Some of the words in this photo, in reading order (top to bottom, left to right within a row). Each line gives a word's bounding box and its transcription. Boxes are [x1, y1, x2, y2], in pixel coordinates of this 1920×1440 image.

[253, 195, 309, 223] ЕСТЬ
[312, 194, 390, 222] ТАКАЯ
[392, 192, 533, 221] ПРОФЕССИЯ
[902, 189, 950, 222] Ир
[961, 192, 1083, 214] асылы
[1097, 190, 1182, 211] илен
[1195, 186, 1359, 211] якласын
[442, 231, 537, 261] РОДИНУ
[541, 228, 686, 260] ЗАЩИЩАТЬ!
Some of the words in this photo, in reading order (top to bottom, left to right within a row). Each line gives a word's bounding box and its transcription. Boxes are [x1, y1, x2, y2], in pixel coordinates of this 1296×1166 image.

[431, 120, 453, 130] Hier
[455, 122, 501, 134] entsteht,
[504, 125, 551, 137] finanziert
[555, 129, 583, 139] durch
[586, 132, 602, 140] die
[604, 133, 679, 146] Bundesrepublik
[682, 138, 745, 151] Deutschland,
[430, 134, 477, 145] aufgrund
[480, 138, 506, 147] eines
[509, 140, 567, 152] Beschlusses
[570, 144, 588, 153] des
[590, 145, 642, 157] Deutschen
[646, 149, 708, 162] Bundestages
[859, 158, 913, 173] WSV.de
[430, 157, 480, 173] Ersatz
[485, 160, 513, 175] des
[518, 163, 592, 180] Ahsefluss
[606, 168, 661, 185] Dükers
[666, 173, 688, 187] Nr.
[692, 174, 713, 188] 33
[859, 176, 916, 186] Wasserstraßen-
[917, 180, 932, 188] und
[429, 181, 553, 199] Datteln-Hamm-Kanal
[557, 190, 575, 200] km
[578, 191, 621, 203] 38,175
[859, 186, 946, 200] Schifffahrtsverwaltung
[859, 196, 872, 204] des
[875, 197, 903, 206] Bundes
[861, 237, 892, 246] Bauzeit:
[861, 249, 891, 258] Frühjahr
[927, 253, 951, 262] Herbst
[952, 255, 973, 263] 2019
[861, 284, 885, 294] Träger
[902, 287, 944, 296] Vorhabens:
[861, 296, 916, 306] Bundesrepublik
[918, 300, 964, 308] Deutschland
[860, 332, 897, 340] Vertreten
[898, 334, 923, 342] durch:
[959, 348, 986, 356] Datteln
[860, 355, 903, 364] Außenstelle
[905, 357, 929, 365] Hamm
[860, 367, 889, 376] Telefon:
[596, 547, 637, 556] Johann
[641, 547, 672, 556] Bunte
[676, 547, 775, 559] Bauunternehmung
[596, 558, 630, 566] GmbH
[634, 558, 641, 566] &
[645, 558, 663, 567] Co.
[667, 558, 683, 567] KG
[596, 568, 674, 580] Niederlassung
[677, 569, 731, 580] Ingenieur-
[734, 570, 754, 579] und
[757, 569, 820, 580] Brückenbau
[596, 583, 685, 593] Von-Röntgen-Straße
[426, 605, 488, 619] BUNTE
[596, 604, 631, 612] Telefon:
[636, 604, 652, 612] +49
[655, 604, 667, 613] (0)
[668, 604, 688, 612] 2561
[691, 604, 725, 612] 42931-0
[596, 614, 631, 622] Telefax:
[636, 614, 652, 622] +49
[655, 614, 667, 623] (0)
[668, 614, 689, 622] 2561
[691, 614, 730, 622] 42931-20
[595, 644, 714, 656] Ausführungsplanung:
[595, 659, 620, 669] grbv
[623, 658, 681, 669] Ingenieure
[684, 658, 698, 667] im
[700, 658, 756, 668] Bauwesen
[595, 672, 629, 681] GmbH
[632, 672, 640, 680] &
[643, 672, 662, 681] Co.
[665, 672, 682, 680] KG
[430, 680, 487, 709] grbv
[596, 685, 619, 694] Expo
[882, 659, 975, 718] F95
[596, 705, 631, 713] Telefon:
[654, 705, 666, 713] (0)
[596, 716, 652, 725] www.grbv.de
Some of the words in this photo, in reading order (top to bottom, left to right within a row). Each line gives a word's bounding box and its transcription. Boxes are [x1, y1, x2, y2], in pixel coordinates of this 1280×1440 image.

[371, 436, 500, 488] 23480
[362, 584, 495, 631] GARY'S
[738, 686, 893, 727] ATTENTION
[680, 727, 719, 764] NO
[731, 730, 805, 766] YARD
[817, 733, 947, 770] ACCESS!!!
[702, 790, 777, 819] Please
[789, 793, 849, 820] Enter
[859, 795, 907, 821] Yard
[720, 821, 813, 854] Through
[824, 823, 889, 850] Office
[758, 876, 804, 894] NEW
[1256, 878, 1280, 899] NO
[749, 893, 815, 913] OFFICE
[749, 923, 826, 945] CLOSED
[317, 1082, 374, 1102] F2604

HOW TO COMPLETE THIS TASK |
Set down nothing but the lines from the one containing "this 1280×1440 image." through the final line above, exactly as written.

EXERCISE RESPONSE |
Some of the words in this photo, in reading order (top to bottom, left to right within a row). Each line gives a word's bounding box and its transcription. Boxes are [x1, y1, x2, y2], in pixel coordinates of this 1280×1440 image.

[371, 436, 500, 488] 23480
[362, 584, 495, 631] GARY'S
[738, 686, 893, 727] ATTENTION
[680, 727, 719, 764] NO
[731, 730, 805, 766] YARD
[817, 733, 947, 770] ACCESS!!!
[702, 790, 777, 819] Please
[789, 793, 849, 820] Enter
[859, 795, 907, 821] Yard
[720, 821, 813, 854] Through
[824, 823, 889, 850] Office
[758, 876, 804, 894] NEW
[1256, 878, 1280, 899] NO
[749, 893, 815, 913] OFFICE
[749, 923, 826, 945] CLOSED
[317, 1082, 374, 1102] F2604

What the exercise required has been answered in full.